_Instructions for the task_.
Copy every entry below verbatim, except for images.

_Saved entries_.
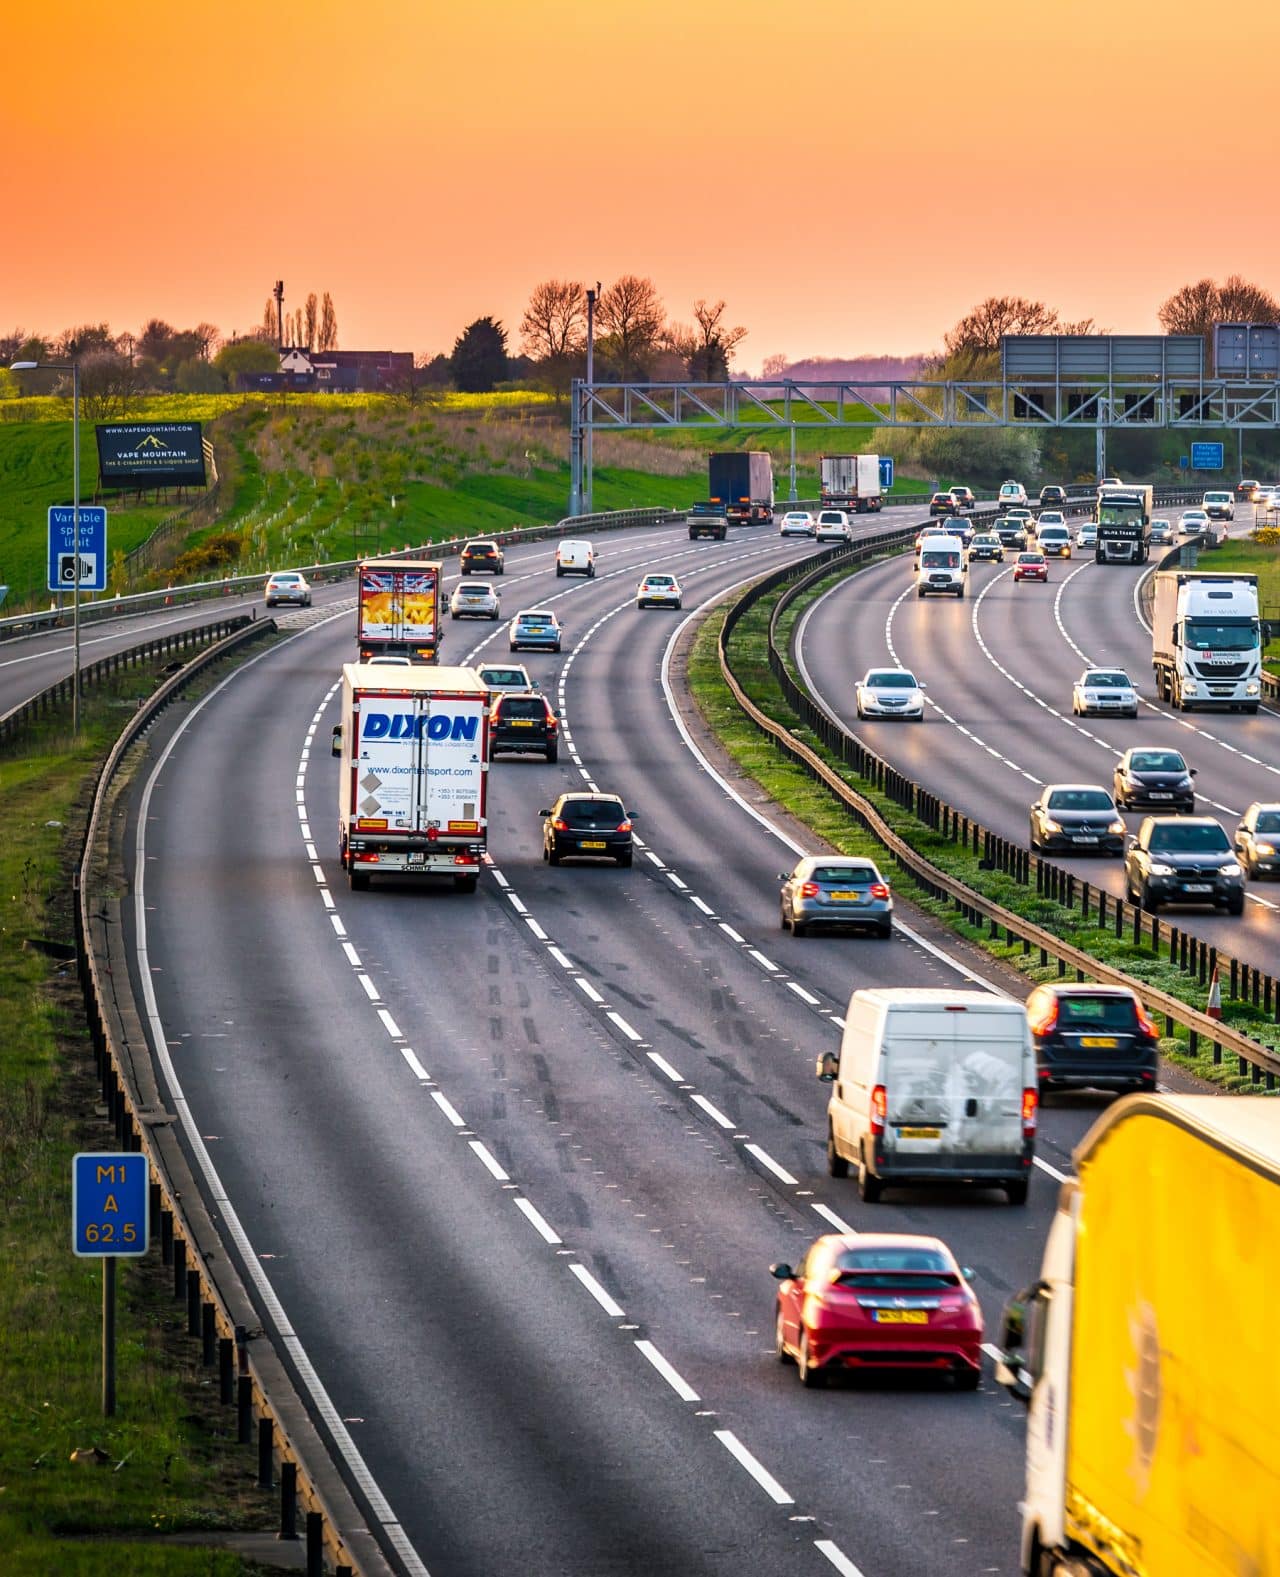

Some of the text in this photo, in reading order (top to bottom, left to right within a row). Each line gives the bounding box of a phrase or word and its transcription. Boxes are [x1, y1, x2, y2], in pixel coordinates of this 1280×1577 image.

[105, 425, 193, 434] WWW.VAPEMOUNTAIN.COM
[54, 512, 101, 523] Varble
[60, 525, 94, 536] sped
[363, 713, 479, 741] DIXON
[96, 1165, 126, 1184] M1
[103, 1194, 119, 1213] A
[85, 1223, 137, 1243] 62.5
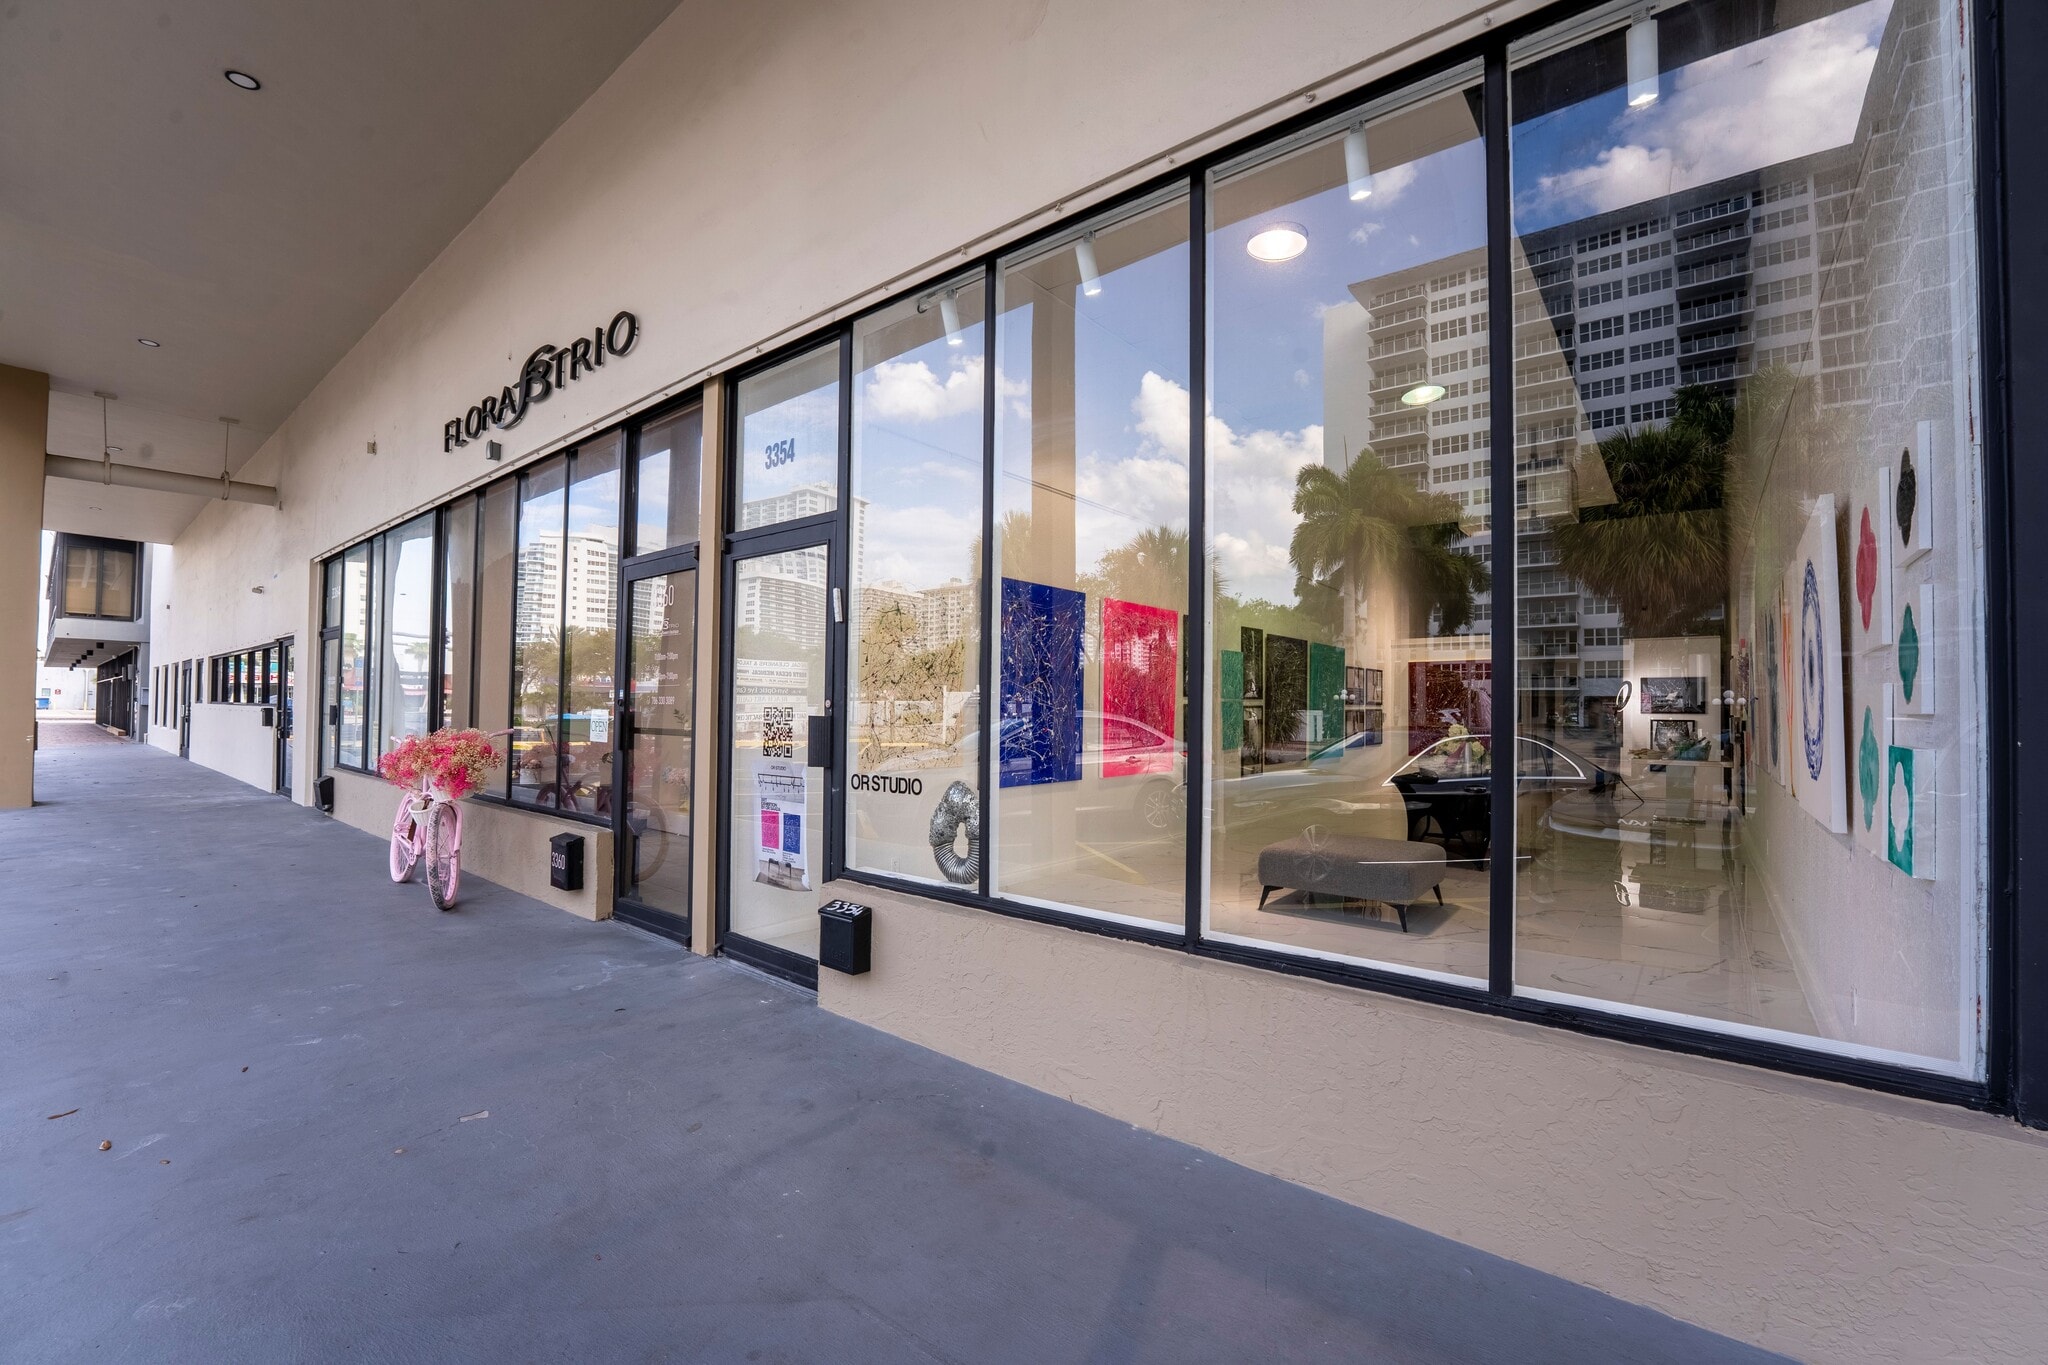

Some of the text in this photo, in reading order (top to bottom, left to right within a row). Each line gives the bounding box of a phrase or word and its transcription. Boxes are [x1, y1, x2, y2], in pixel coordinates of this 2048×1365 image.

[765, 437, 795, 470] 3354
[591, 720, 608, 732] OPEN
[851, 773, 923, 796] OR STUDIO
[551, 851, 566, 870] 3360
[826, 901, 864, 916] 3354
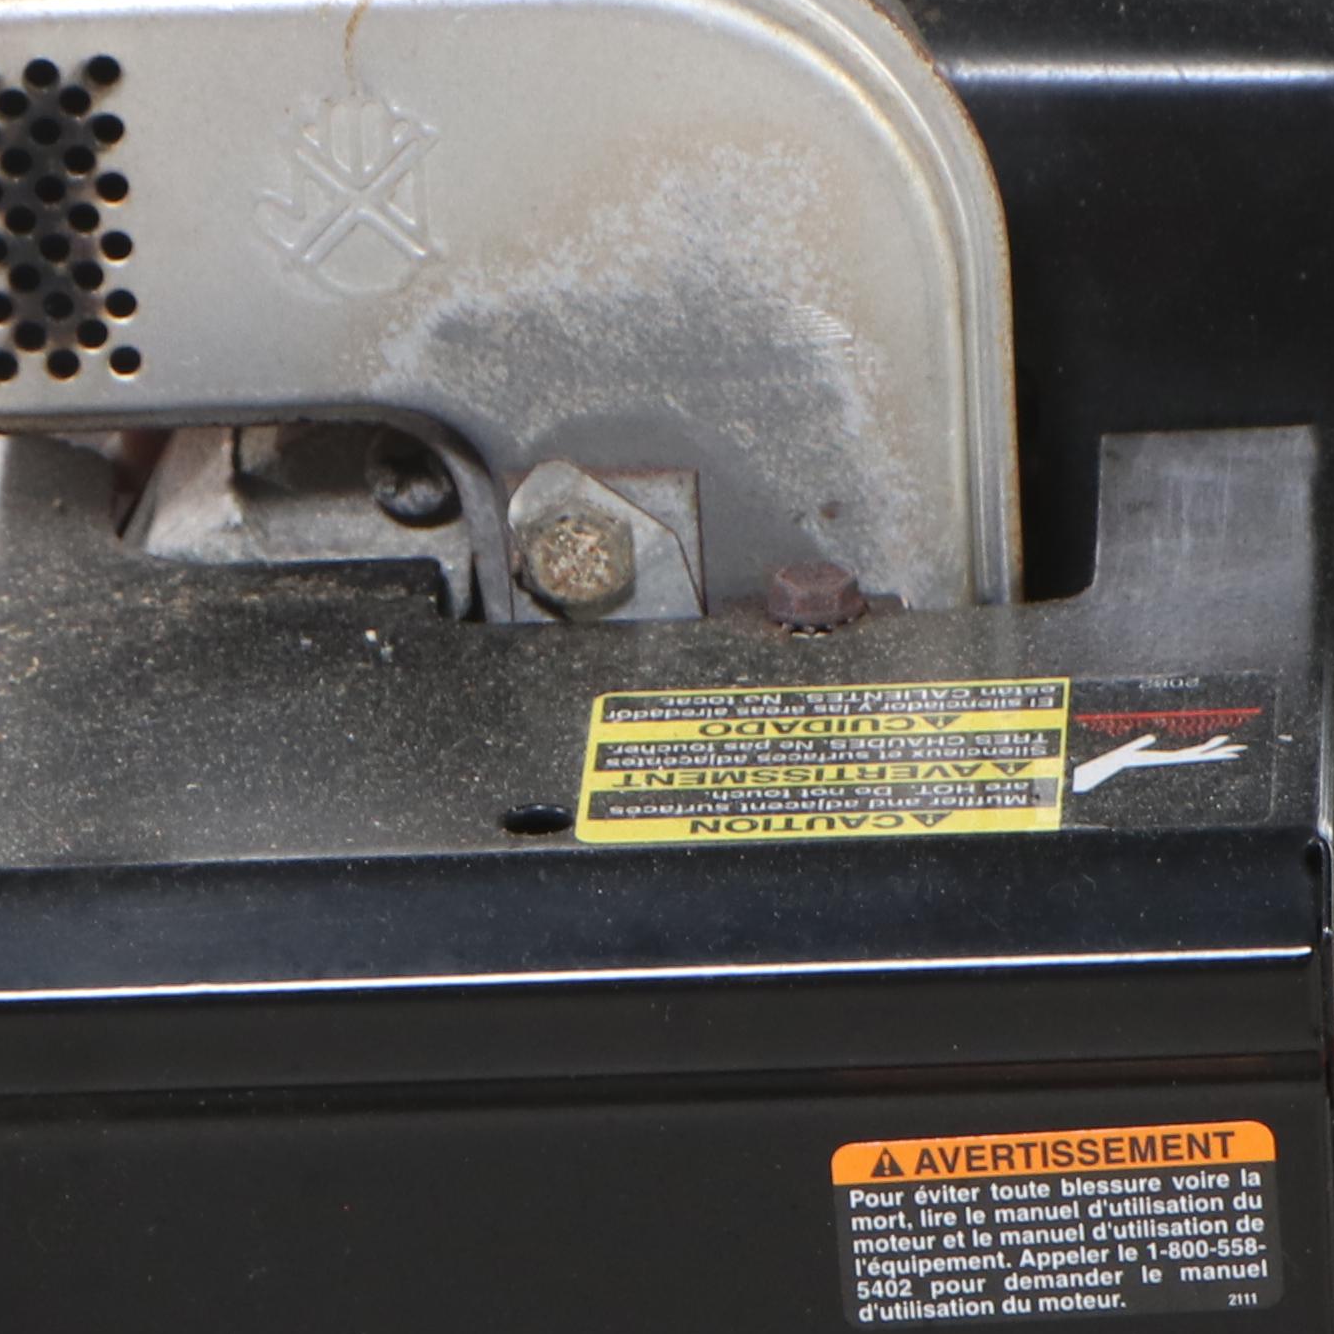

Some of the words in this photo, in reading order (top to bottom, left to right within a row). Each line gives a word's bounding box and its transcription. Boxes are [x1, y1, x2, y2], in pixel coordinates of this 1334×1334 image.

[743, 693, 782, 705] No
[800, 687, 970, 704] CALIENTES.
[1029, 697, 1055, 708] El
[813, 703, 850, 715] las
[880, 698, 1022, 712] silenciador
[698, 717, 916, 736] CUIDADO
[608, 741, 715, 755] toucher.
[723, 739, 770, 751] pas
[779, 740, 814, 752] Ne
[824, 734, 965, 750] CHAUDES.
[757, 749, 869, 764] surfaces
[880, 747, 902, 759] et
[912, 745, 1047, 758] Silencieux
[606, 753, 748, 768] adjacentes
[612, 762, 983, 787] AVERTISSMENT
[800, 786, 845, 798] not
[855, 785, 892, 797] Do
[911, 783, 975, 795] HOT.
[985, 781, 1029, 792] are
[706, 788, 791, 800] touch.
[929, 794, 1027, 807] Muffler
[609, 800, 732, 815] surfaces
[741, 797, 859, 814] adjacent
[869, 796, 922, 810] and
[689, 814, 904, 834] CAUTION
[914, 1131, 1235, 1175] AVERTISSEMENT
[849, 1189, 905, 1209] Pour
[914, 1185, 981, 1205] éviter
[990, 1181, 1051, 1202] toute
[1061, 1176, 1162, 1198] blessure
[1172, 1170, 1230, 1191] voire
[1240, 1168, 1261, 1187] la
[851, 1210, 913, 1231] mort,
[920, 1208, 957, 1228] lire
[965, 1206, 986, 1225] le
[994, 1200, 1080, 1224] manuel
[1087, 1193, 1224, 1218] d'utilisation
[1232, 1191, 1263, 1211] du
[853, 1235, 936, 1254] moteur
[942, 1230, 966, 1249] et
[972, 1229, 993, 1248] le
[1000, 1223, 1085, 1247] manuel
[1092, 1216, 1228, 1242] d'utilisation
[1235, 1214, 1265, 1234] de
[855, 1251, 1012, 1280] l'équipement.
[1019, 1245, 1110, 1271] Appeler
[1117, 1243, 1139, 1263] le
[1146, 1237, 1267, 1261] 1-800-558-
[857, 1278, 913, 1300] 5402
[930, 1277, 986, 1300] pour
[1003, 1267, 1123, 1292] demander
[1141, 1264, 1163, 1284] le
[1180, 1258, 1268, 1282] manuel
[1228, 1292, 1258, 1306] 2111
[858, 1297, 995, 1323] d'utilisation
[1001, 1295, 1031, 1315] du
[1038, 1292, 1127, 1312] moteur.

_Answer section_.
Some of the text in this photo, in reading order (top to bottom, left to right within a row). Each line gives the bounding box of a phrase or word and its transcription. Boxes are [x1, y1, x2, y2], in pixel coordinates of this 1280×1577 image.

[105, 425, 193, 434] WWW.VAPEMOUNTAIN.COM
[54, 512, 101, 523] Varble
[60, 525, 94, 536] sped
[363, 713, 479, 741] DIXON
[96, 1165, 126, 1184] M1
[103, 1194, 119, 1213] A
[85, 1223, 137, 1243] 62.5

Some of the text in this photo, in reading order (top to bottom, left to right within a row). Each line gives the bounding box of a phrase or word and its transcription. Boxes are [x1, y1, x2, y2], in pixel coordinates of this 2048×1365 image.

[765, 437, 795, 470] 3354
[591, 720, 608, 732] OPEN
[851, 773, 923, 796] OR STUDIO
[551, 851, 566, 870] 3360
[826, 901, 864, 916] 3354

Some of the words in this photo, in reading order (top to bottom, left to right within a row). Each line gives a word's bounding box and its transcription. Boxes are [x1, y1, x2, y2], in pixel coordinates of this 1334×1334 image.

[743, 693, 782, 705] No
[800, 687, 970, 704] CALIENTES.
[1029, 697, 1055, 708] El
[813, 703, 850, 715] las
[880, 698, 1022, 712] silenciador
[698, 717, 916, 736] CUIDADO
[608, 741, 715, 755] toucher.
[723, 739, 770, 751] pas
[779, 740, 814, 752] Ne
[824, 734, 965, 750] CHAUDES.
[757, 749, 869, 764] surfaces
[880, 747, 902, 759] et
[912, 745, 1047, 758] Silencieux
[606, 753, 748, 768] adjacentes
[612, 762, 983, 787] AVERTISSMENT
[800, 786, 845, 798] not
[855, 785, 892, 797] Do
[911, 783, 975, 795] HOT.
[985, 781, 1029, 792] are
[706, 788, 791, 800] touch.
[929, 794, 1027, 807] Muffler
[609, 800, 732, 815] surfaces
[741, 797, 859, 814] adjacent
[869, 796, 922, 810] and
[689, 814, 904, 834] CAUTION
[914, 1131, 1235, 1175] AVERTISSEMENT
[849, 1189, 905, 1209] Pour
[914, 1185, 981, 1205] éviter
[990, 1181, 1051, 1202] toute
[1061, 1176, 1162, 1198] blessure
[1172, 1170, 1230, 1191] voire
[1240, 1168, 1261, 1187] la
[851, 1210, 913, 1231] mort,
[920, 1208, 957, 1228] lire
[965, 1206, 986, 1225] le
[994, 1200, 1080, 1224] manuel
[1087, 1193, 1224, 1218] d'utilisation
[1232, 1191, 1263, 1211] du
[853, 1235, 936, 1254] moteur
[942, 1230, 966, 1249] et
[972, 1229, 993, 1248] le
[1000, 1223, 1085, 1247] manuel
[1092, 1216, 1228, 1242] d'utilisation
[1235, 1214, 1265, 1234] de
[855, 1251, 1012, 1280] l'équipement.
[1019, 1245, 1110, 1271] Appeler
[1117, 1243, 1139, 1263] le
[1146, 1237, 1267, 1261] 1-800-558-
[857, 1278, 913, 1300] 5402
[930, 1277, 986, 1300] pour
[1003, 1267, 1123, 1292] demander
[1141, 1264, 1163, 1284] le
[1180, 1258, 1268, 1282] manuel
[1228, 1292, 1258, 1306] 2111
[858, 1297, 995, 1323] d'utilisation
[1001, 1295, 1031, 1315] du
[1038, 1292, 1127, 1312] moteur.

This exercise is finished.